The C-terminus of glutathione S-transferase A1-1 is required for entropically-driven ligand binding.

Binding of a hydrophobic glutathione product conjugate to rGST A1-1 proceeds via a two-step mechanism, including rapid ligand docking, followed by a slow isomerization to the final [GST.ligand] complex, which involves the localization of the flexible C-terminal helix. These kinetically resolved steps have been observed previously by stopped-flow fluorescence with the wild-type rGST A1-1, which contains a native Trp-21 approximately 20 A from the ligand binding site at the intrasubunit domain-domain interface. To confirm this binding mechanism, as well as elucidate the effects of truncation of the C-terminus, we have further characterized the binding and dissociation of the glutathione-ethacrynic acid product conjugate (GS-EA) to wild-type, F222W:W21F, and Delta209-222 rGST A1-1 and wild-type hGST A1-1. Although modest kinetic differences were observed between the hGST A1-1 and rGST A1-1, stopped-flow binding studies with GS-EA verified that the two-step mechanism of ligand binding is not unique to the GST A1-1 isoform from rat. An F222W:W21F rGST A1-1 double mutant provides a direct fluorescence probe of changes in the environment of the C-terminal residue. The observation of two relaxation times during ligand binding and dissociation to F222W:W21F suggests that the C-terminus has an intermediate conformation following ligand docking, which is distinct from its conformation in the apoenzyme or localized helical state. For the wild-type, Delta209-222, and F222W:W21F proteins, variable-temperature stopped-flow experiments were performed and activation parameters calculated for the individual steps of the binding reaction.

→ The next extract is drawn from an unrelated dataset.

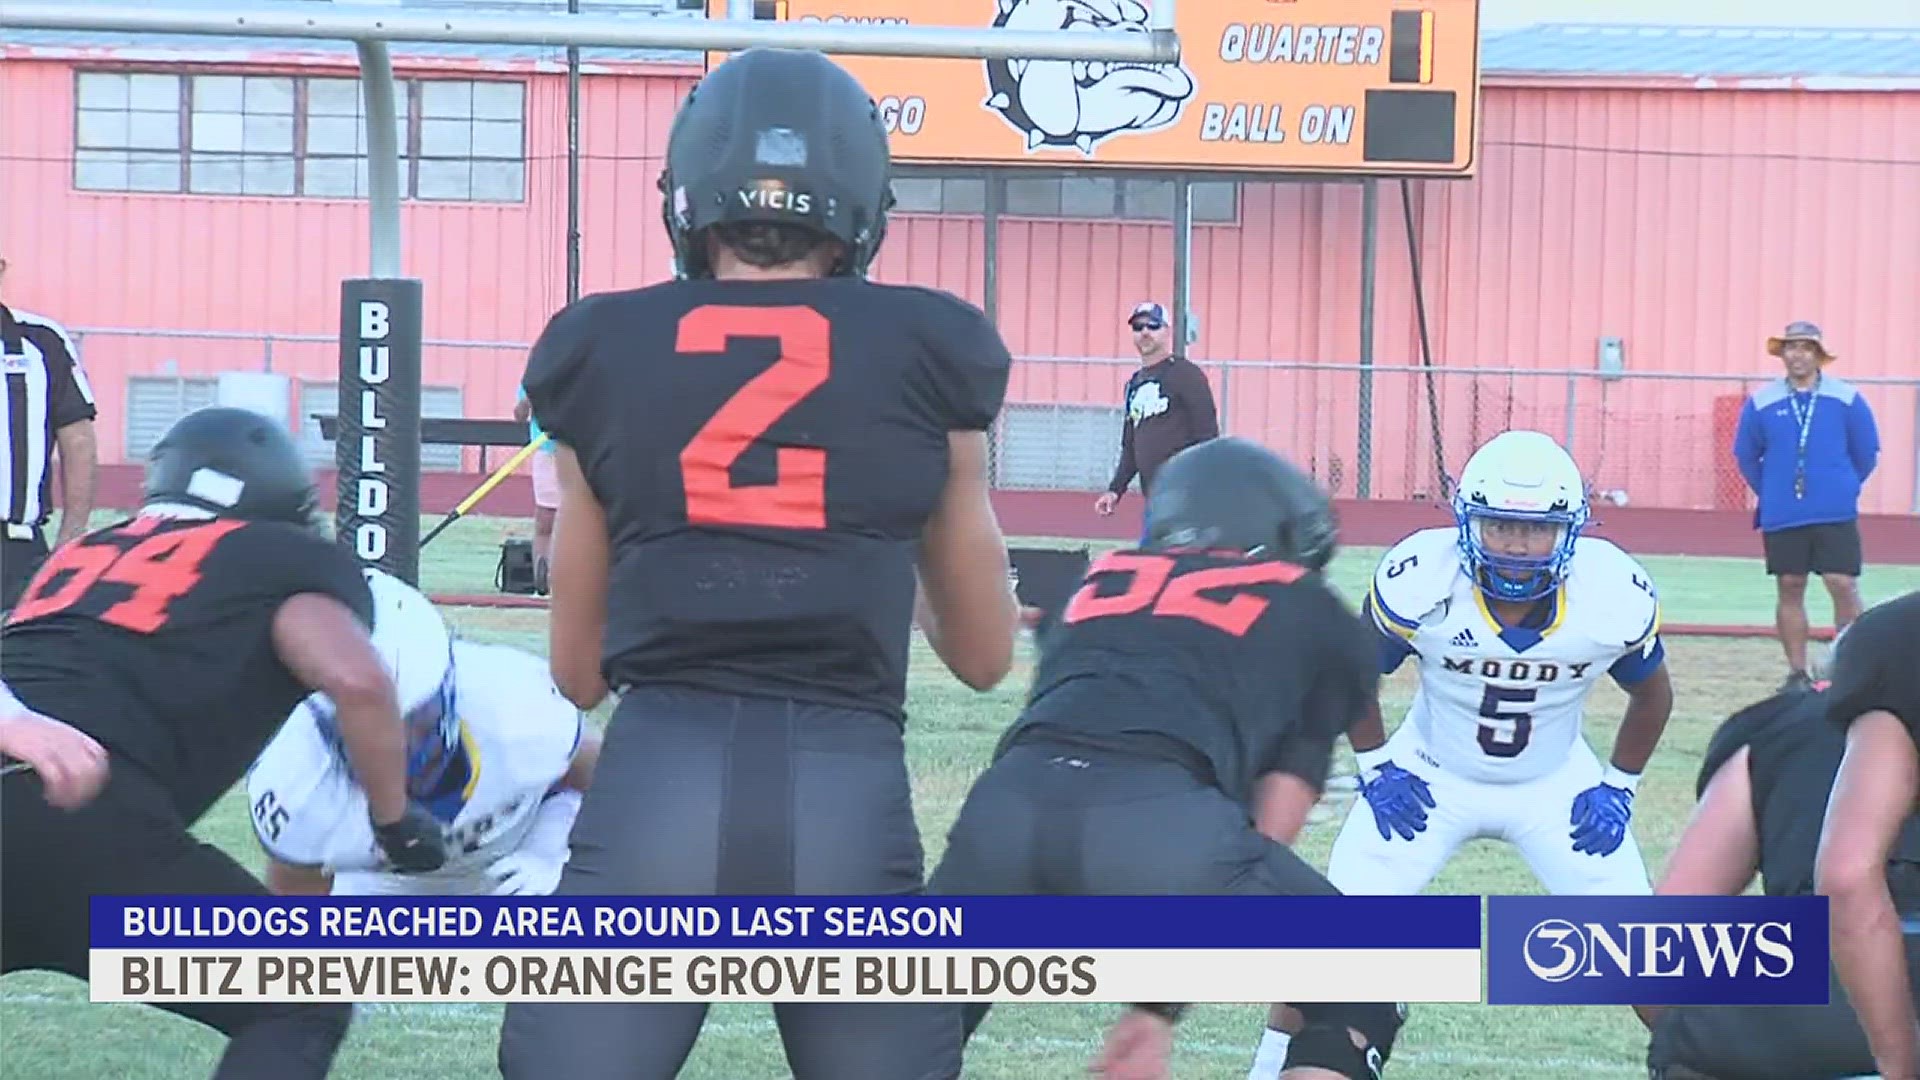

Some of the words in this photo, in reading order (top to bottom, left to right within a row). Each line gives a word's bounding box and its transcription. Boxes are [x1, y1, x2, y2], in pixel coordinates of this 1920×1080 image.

Activation parameters for the binding reaction coordinate illustrate that the C-terminus provides a significant entropic contribution to ligand binding, which is completely realized within the initial docking step of the binding mechanism. In contrast, the slow isomerization step is enthalpically driven. The partitioning of entropic and enthalpic components of binding energy was confirmed by isothermal titration calorimetry with wild-type and Delta209-222 rGST A1-1.